My husband and I are voracious readers year round. I love to read. Always have. Biographies of historical figures, Victorian novels (Wilkie Collins–of the time–and Michael Cox–in the style of the time), mysteries, almost all the books by Iain Pears, Rebecca Wells, Van Reid, Ann Patchett, Tina McElroy Ansa, Amy Tan, the first five books by Jasper Fforde, many of Barbara Kingsolver’s books, Vernor Vinge, Dan Brown, Jostein Gaarder, a number by Haruki Murakami, War and Peace, and one or two books by Kate Atkinson, Sue Monk Kid, Garth Stein, Anita Diamant, Arundhati Roy, Khaled Hosseini, Umberto Eco, Takashi Matsuoka, John Berendt, Marisha Pessl, Virginia Woolf, Charlotte Perkins Gilman, and Audre Lorde, to name but a very few. Not to mention the extensive array of books read for professional edification and satisfaction. (That’s one set of shelves above, my desk shelf below, there are more throughout our house, and we just donated 12 cartons of books to a local library, disposed of 4 other cartons, and vowed to make greater use of our school and local libraries!)
Yup, that’s a bit of author~title name dropping, just enough to give you the sense that I read a lot, year round, and with a bit of variety. I’ve kept book journals – the first in an AppleWorks word processing document. When it reached over 50 pages, I decided to stop the journal. I was on journal hiatus for awhile, until my older son gave me a hard cover journal as a gift on one of his trips home. Been keeping that journal fairly consistently for the past year.
I’ve belonged to book groups but after the second metamorphosis of the group, I decided to become a group of one because I like to determine what I am going to read.
Now I find myself in the curious position of having a number of books assigned to me to be read this summer. In general, I am not a fan of assigned summer reading, at least not for myself, because, as you may have already gathered, I like to choose what I read. If I had my druthers, rather than assigning reading to faculty or kids, I would solicit from all of them input on their favorite books and what they planned to read for themselves, and then share a list of those titles with everyone as a way of enlarging our overall repertoire from which to choose.

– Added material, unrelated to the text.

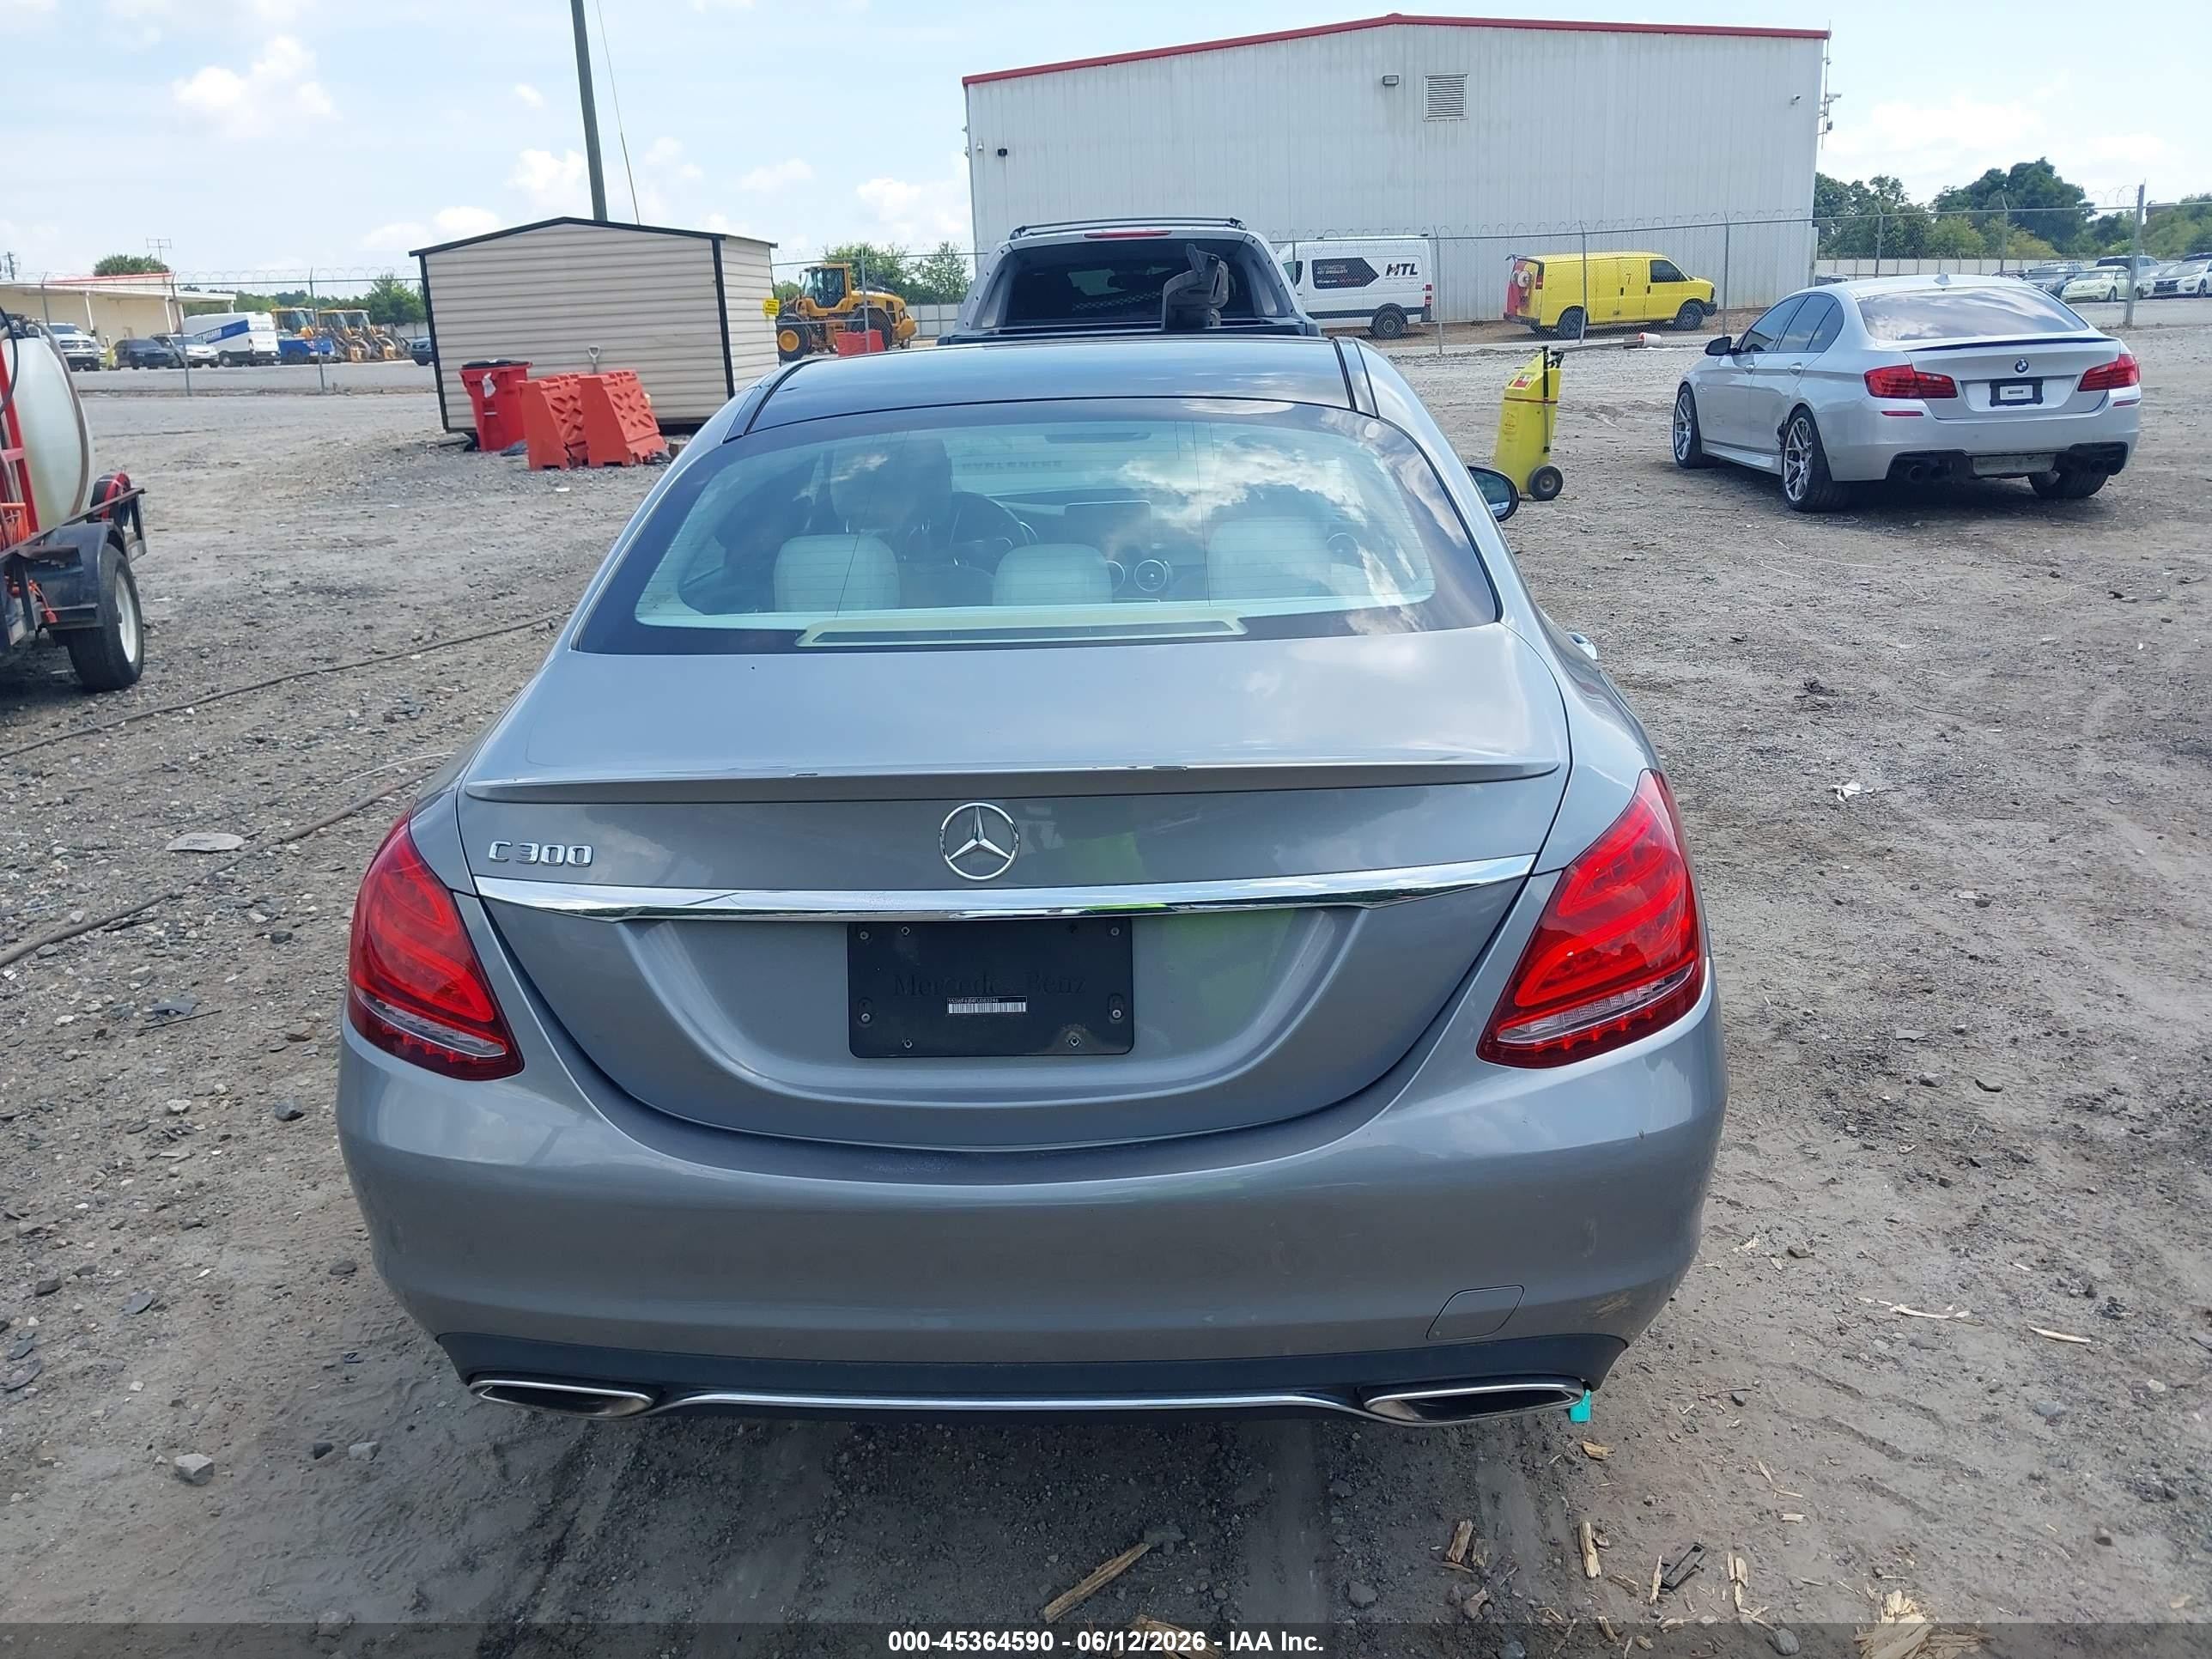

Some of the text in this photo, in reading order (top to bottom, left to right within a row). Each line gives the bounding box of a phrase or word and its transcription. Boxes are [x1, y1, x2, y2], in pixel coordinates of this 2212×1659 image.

[1385, 263, 1419, 276] HTL
[488, 840, 593, 867] C 300
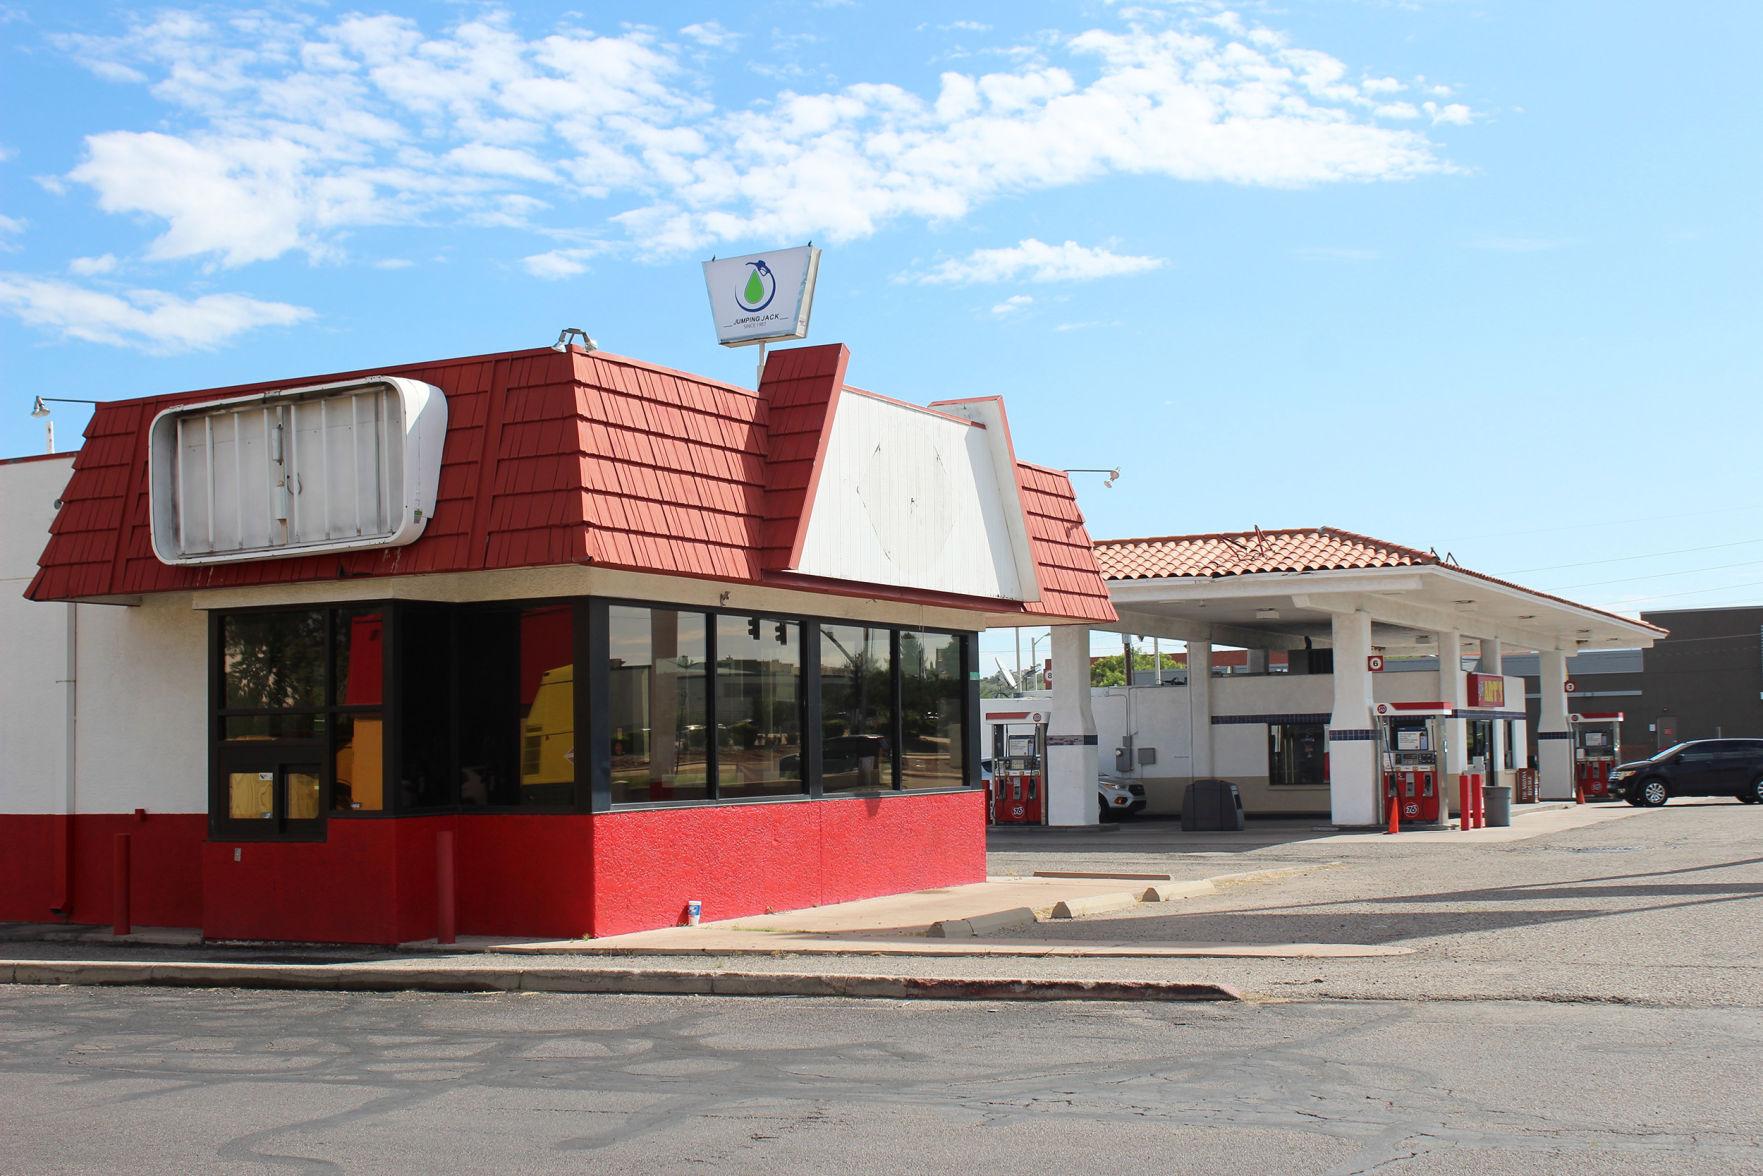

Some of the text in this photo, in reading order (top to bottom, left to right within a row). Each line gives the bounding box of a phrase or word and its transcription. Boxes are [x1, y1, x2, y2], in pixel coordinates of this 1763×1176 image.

However, I am a fan, on occasion, of suggested reading, especially if it will complement a topic that will be the focus of the school year, or as a way of ensuring that everyone has been exposed to the basic tenets of the topic at hand. And even better if the suggested reading provides a list from which to choose, rather than have everyone read the same book.
And so it is in this spirit that I approach my summer reading. Here is what I am going to devour and digest this summer, in addition to continuing with the very large and detailed book on human anatomy that accompanies Marian Diamond’s lectures. I’d love to know what you are reading; please feel free to share the titles in a comment.
- 5 Minds for the Future by Howard Gardner – required reading for our faculty
- Flipped by Wendelin Van Draanen – required of all our 7th and 8th graders and their advisors (of which I am one)
- The Complete Guide to Service Learning by Cathryn Berger Kaye (plus two related pdfs) – required for each of us on my school’s Public Purpose Task Force
- Yardsticks by Chip Wood – a professional book purchased for myself back in April, read at that time to fill in some gaps, and the remainder saved to enjoy over the summer
- the imperfectionists by Tom Rachman – quite enjoyed the NYT book review so added the book to my summer stash
- The Passionate Fact by Susan Strauss – a book about storytelling, given to me by my older son, begun awhile ago and I’d like to finish it this summer
- The Help by Kathryn Stockett – purchased at my school’s Spring Book Fair on the recommendation of a number of folks at the fair
and for the 40 hour, one week intensive YogaEd course I’ll be taking in August, just two of the many suggested readings:
By the way, the New York City Public Library even has a Summer Reading site that struck my eye because the URL is no less than http://www.summerreading.org/ ! AND thanks to the feature of WordPress that generates related posts, here’s the She Reads blog chronicling one person’s efforts to read a book a week. Though she hasn’t managed to stay current with that goal, I enjoyed Jade’s refreshing critiques, discovering books I have not read, and the honesty in her writing.